> _What to produce_: Set down the entries exactly as they appear, apart from the images, which stay out.

Records contained in a dataset:
- Opening Delimiter -
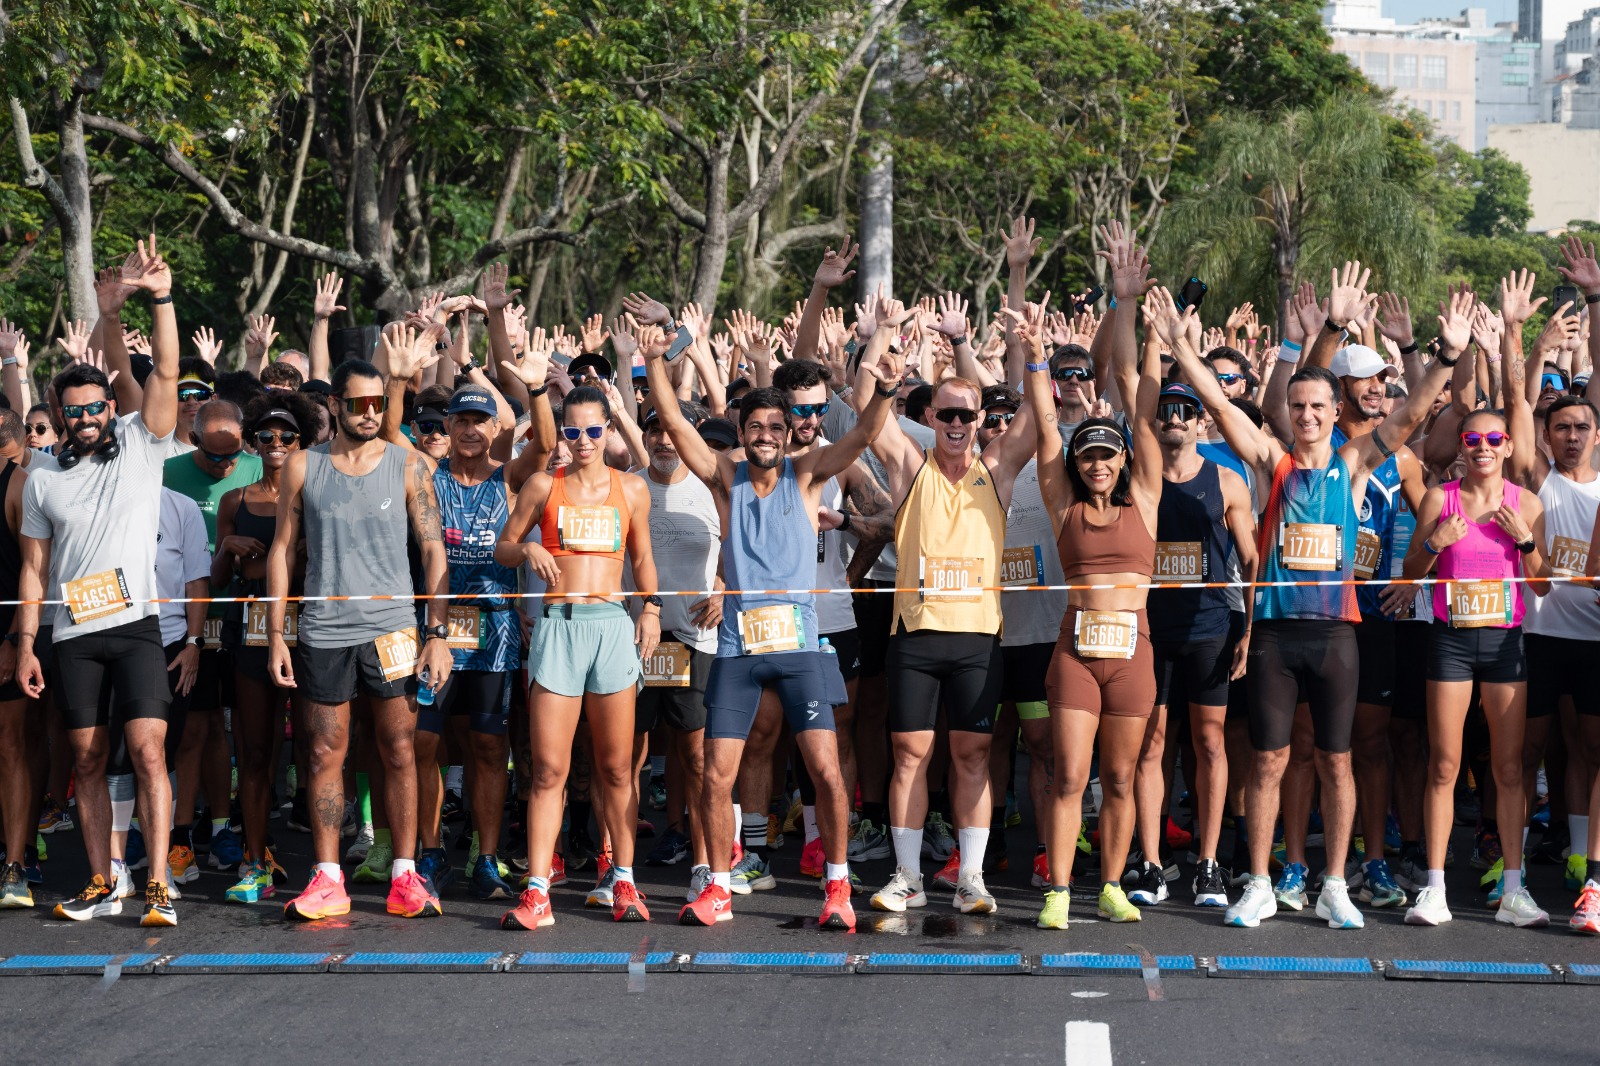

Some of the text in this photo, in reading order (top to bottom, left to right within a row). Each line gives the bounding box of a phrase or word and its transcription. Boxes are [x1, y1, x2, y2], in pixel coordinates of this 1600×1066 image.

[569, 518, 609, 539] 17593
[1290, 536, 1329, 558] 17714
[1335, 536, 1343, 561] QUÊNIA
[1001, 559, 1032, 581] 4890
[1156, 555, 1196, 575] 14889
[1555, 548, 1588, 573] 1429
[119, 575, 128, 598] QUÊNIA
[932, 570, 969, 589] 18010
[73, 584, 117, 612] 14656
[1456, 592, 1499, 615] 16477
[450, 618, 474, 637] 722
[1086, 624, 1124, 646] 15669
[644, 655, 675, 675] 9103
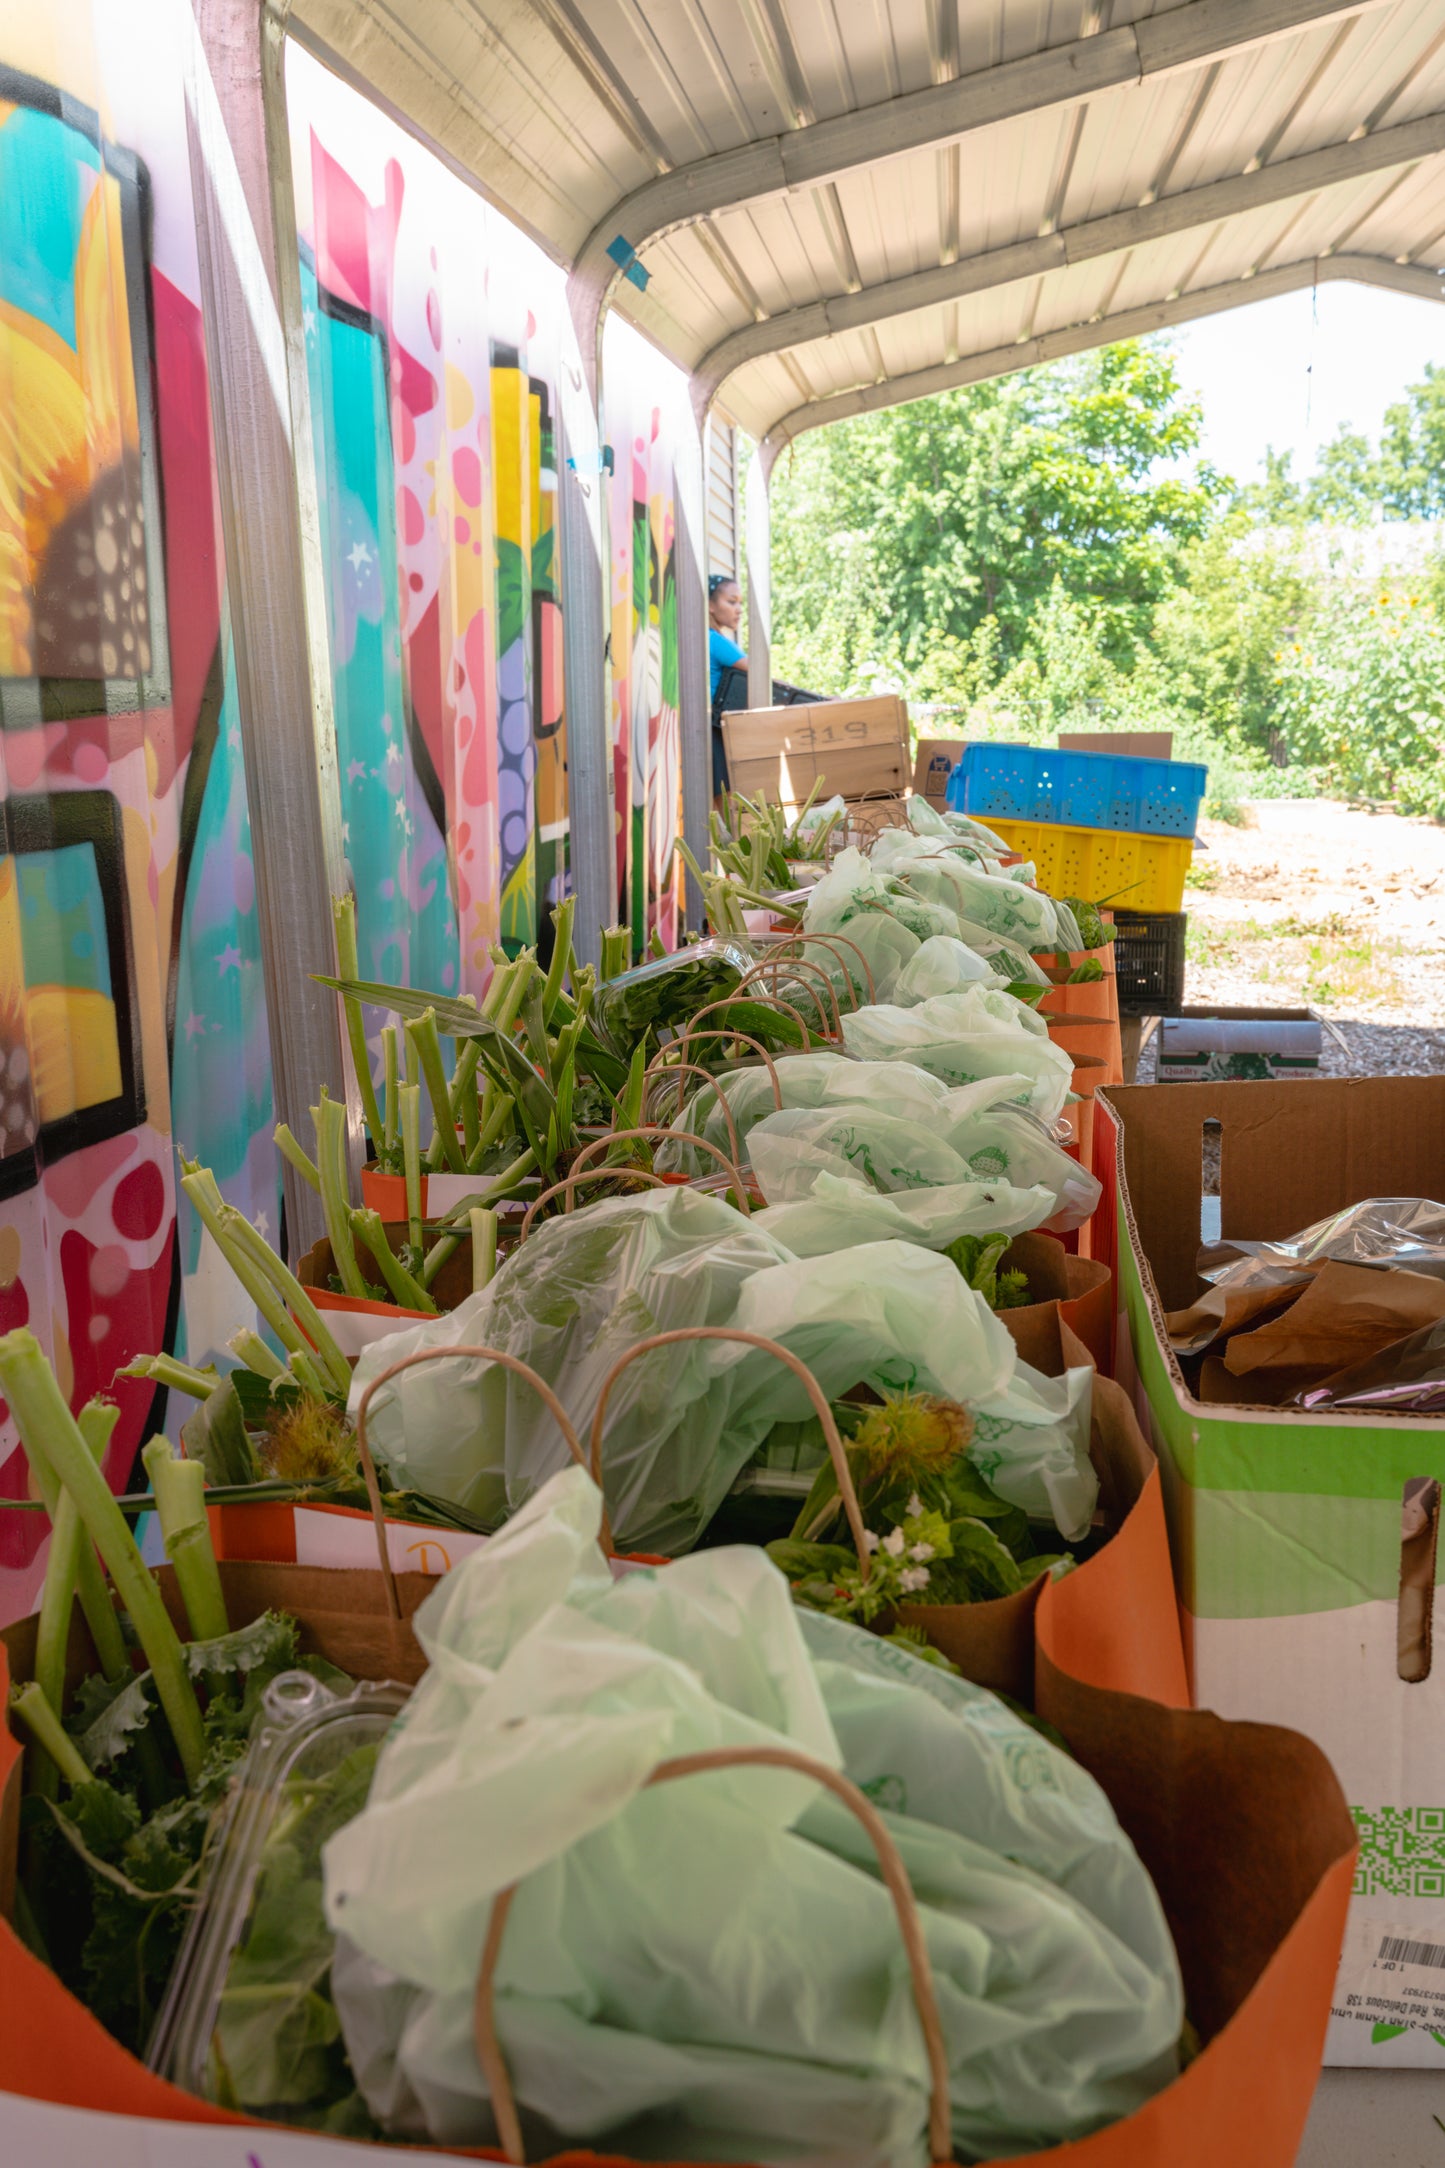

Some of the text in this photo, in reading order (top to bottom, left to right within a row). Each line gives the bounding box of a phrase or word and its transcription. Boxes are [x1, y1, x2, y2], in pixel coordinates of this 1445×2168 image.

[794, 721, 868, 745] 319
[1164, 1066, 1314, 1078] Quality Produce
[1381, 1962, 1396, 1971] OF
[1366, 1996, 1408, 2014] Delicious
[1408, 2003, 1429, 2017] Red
- Closing Delimiter -
> _Output of the exercise_:
Some of the text in this photo, in reading order (top to bottom, left to right within a row). Each line gives the bounding box of a phrase or word and its transcription. Boxes are [x1, y1, x2, y2], in pixel coordinates of this 1600×1066 image.

[569, 518, 609, 539] 17593
[1290, 536, 1329, 558] 17714
[1335, 536, 1343, 561] QUÊNIA
[1001, 559, 1032, 581] 4890
[1156, 555, 1196, 575] 14889
[1555, 548, 1588, 573] 1429
[119, 575, 128, 598] QUÊNIA
[932, 570, 969, 589] 18010
[73, 584, 117, 612] 14656
[1456, 592, 1499, 615] 16477
[450, 618, 474, 637] 722
[1086, 624, 1124, 646] 15669
[644, 655, 675, 675] 9103

Some of the text in this photo, in reading order (top to bottom, left to right within a row). Each line gives the bounding box of a phrase or word and its transcription. Boxes are [x1, y1, x2, y2], in pixel coordinates of this 1445×2168 image.

[794, 721, 868, 745] 319
[1164, 1066, 1314, 1078] Quality Produce
[1381, 1962, 1396, 1971] OF
[1366, 1996, 1408, 2014] Delicious
[1408, 2003, 1429, 2017] Red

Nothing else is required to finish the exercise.